A comedy classic and a "Star Wars" documentary are the films featured in this week's DVD column.
The Odd Couple
No, this is not the venerable television show starring Jack Klugman and Tony Randall, but the original 1968 film adapted by writer Neil Simon from his successful Broadway play.
Although many people remember the television show from its five seasons in the 1970s -- and its many, many reruns -- I would submit that fewer people recall the 1968 film, which was a big hit in its day.
Paramount has re-released the film on DVD as part of its "Centennial Collection," giving "Odd Couple" fans a chance to see a substantially different story than the one presented on the television series.
Simon had much more control over the film and made sure that Walter Matthau reprised his role as Oscar Madison, the world's sloppiest sportswriter. Art Carney, though, as the DVD's "making of" documentary reveals, was not cast as Felix in the film, although he originated the role in the play. The studio wanted someone with more box office appeal and Jack Lemmon was cast as Felix, the neurotic clean freak whose wife had just thrown him out.
Simon's play took place completely in Madison's apartment. For the film version he and director Gene Saks created scenes to "open the film up" and take advantage of some New York City locations.
I had not seen the film before in its entirety -- I think I had caught snippets in television -- and I was surprised to see just how dramatic it played. Yes, there are laughs in it, but Lemmon's performance has plenty of drama. We are introduced to Felix as he attempts to commit suicide material not in the play.
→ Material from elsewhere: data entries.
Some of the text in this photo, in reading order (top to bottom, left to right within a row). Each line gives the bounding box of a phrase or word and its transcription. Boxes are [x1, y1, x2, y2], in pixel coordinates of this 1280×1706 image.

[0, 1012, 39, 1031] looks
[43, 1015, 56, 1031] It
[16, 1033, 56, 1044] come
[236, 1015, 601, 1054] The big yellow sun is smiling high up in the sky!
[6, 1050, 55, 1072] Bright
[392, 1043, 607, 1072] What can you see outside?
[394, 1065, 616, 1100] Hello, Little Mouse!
Lemmon's Felix is a tortured soul who understands his propensity to clean all the time has driven away the woman he loves. He clearly regrets it.
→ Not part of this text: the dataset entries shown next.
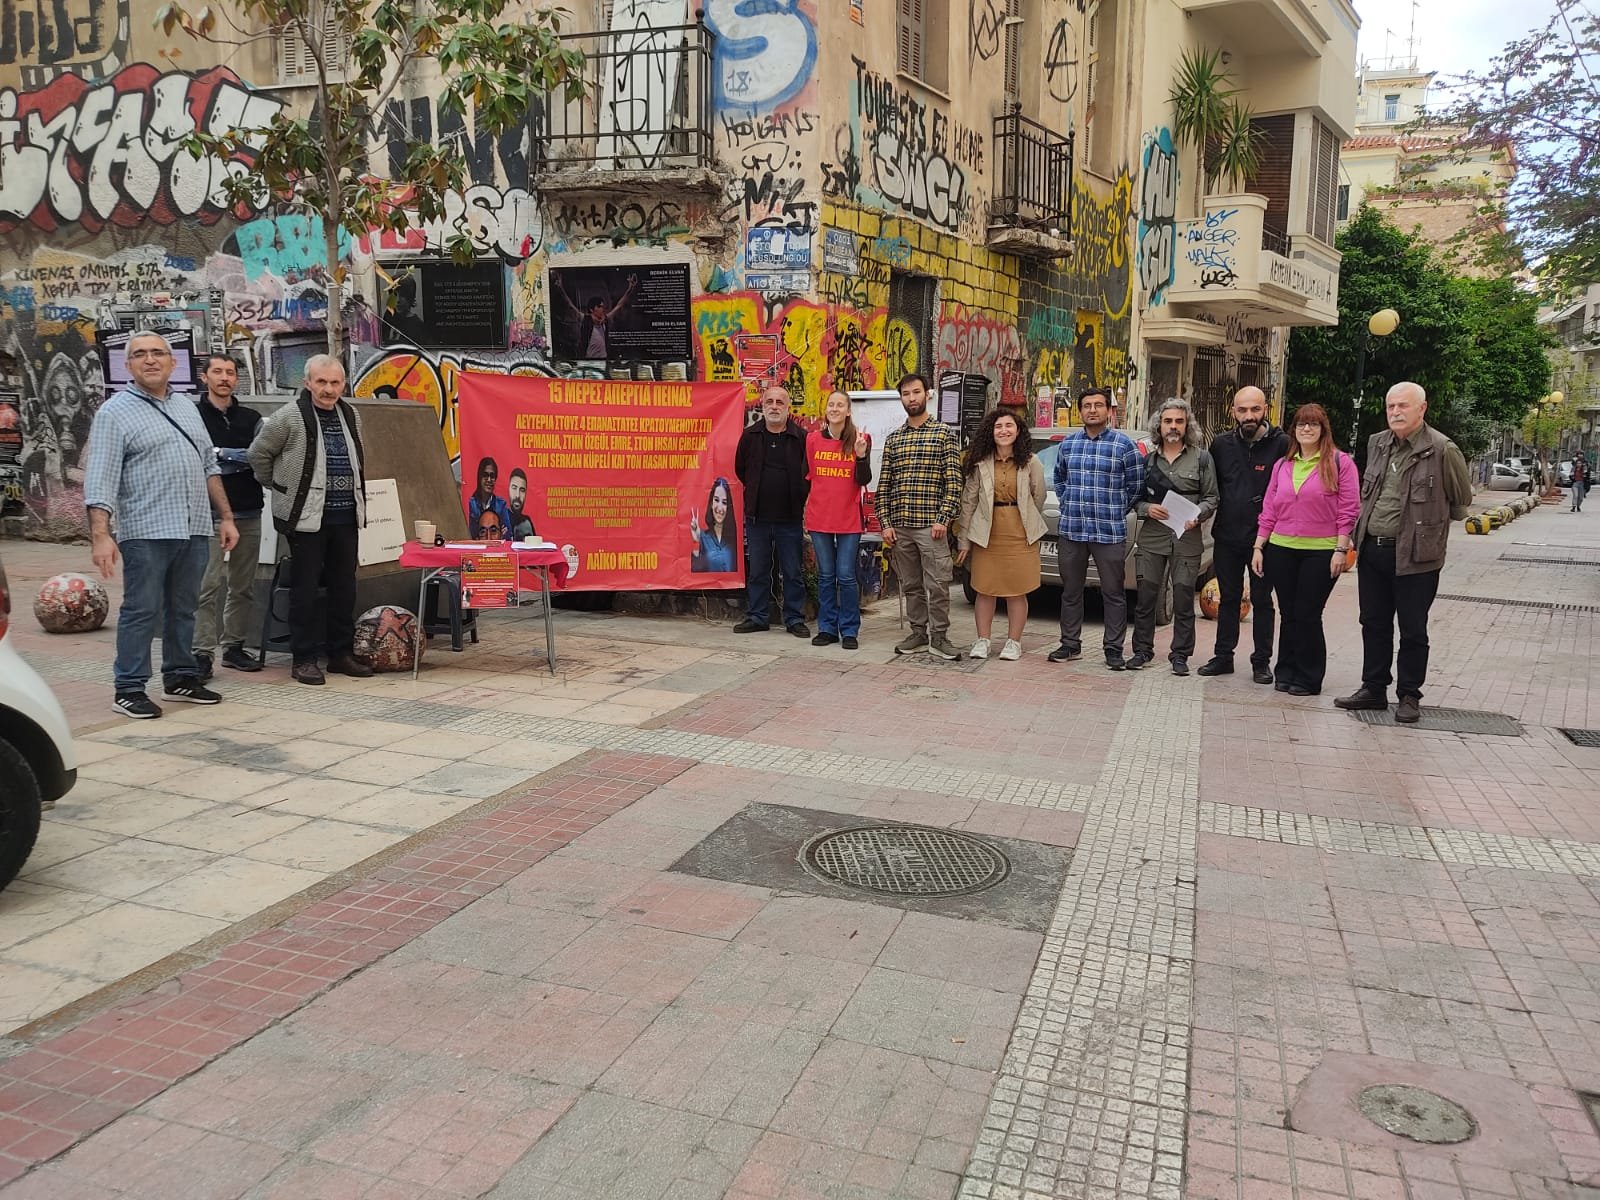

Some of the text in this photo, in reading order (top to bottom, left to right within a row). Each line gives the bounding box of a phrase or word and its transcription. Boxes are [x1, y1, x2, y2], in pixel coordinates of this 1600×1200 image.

[1187, 229, 1238, 247] ANGER
[548, 382, 693, 408] 15 ΜΕΡΕΣ ΑΠΕΡΓΙΑ ΠΕΙΝΑΣ
[516, 414, 554, 430] ΛΕΥΤΕΡΙΑ
[555, 415, 579, 431] ΣΤΟΥΣ
[528, 453, 549, 468] ΣΤΟΝ
[550, 454, 583, 468] SERKAN
[816, 466, 852, 478] ΠΕΙΝΑΣ
[587, 550, 617, 570] ΛΑΪΚΟ
[618, 551, 658, 570] ΜΕΤΩΠΟ
Oscar also has some chinks in his emotional armor and Matthau plays him with some subtlety, although overall the performance is pretty broad.
The ending of the film comes as a bit of a surprise -- no spoilers here -- and I liked the production. For those who think of the television show as the definitive version of this property, the film should come as an interesting and pleasant surprise.
A Galaxy Far Far Away
I'm a fan boy and have been my whole life. I'm fascinated by examinations of fandom whether it's people who wear Red Sox shirts to work or the people profiled in this film who waited in line 42 days to buy tickets for the first showing of "The Phantom Menace" in 1999.
Looking at science fiction fandom is nothing new for documentaries, as the folks who made "Trekkies" came up with an intriguing look at "Star Trek" fans and how their interest in that show had molded their lives.
This film attempts to do something similar, only for "Star Wars" fans, but it is not nearly as successful or entertaining.
Director Tariq Jalil sets up his premise at the beginning of the film: he doesn't like "Star Wars" and is hoping to understand why people have been so affected by the film series. He also hoped to gain some insight into why fans were willing to camp out for weeks to ensure they would see the film on opening day.
So he visited some conventions, spoke to some fans -- the most wackiest he could find -- and chronicled the waiting period up to opening night. He even crashed a celebrity golf game to get Meat Loaf, Joe Pesci and Andy Garcia to talk about the phenomena.
The result is part snarky commentary, part pop psychology and a grudging conclusion that at least "Star Wars" fans believe in something.
Unlike "Trekkies," the film has a sloppy underground feel to it, which I wouldn't mind except the filmmakers seemed fascinated with dragging out the interviews with the worst fans. I've worked pop culture conventions for years and I've seen my share of obsessed fans, but a little can go a long way.
This 10th anniversary edition has a new commentary from the director and producer as well as a "making of" interview.
I think this film is best suited for hardcore completist "Star Wars" fans or for psychology enthusiasts. There is plenty of material here for a dissertation or two.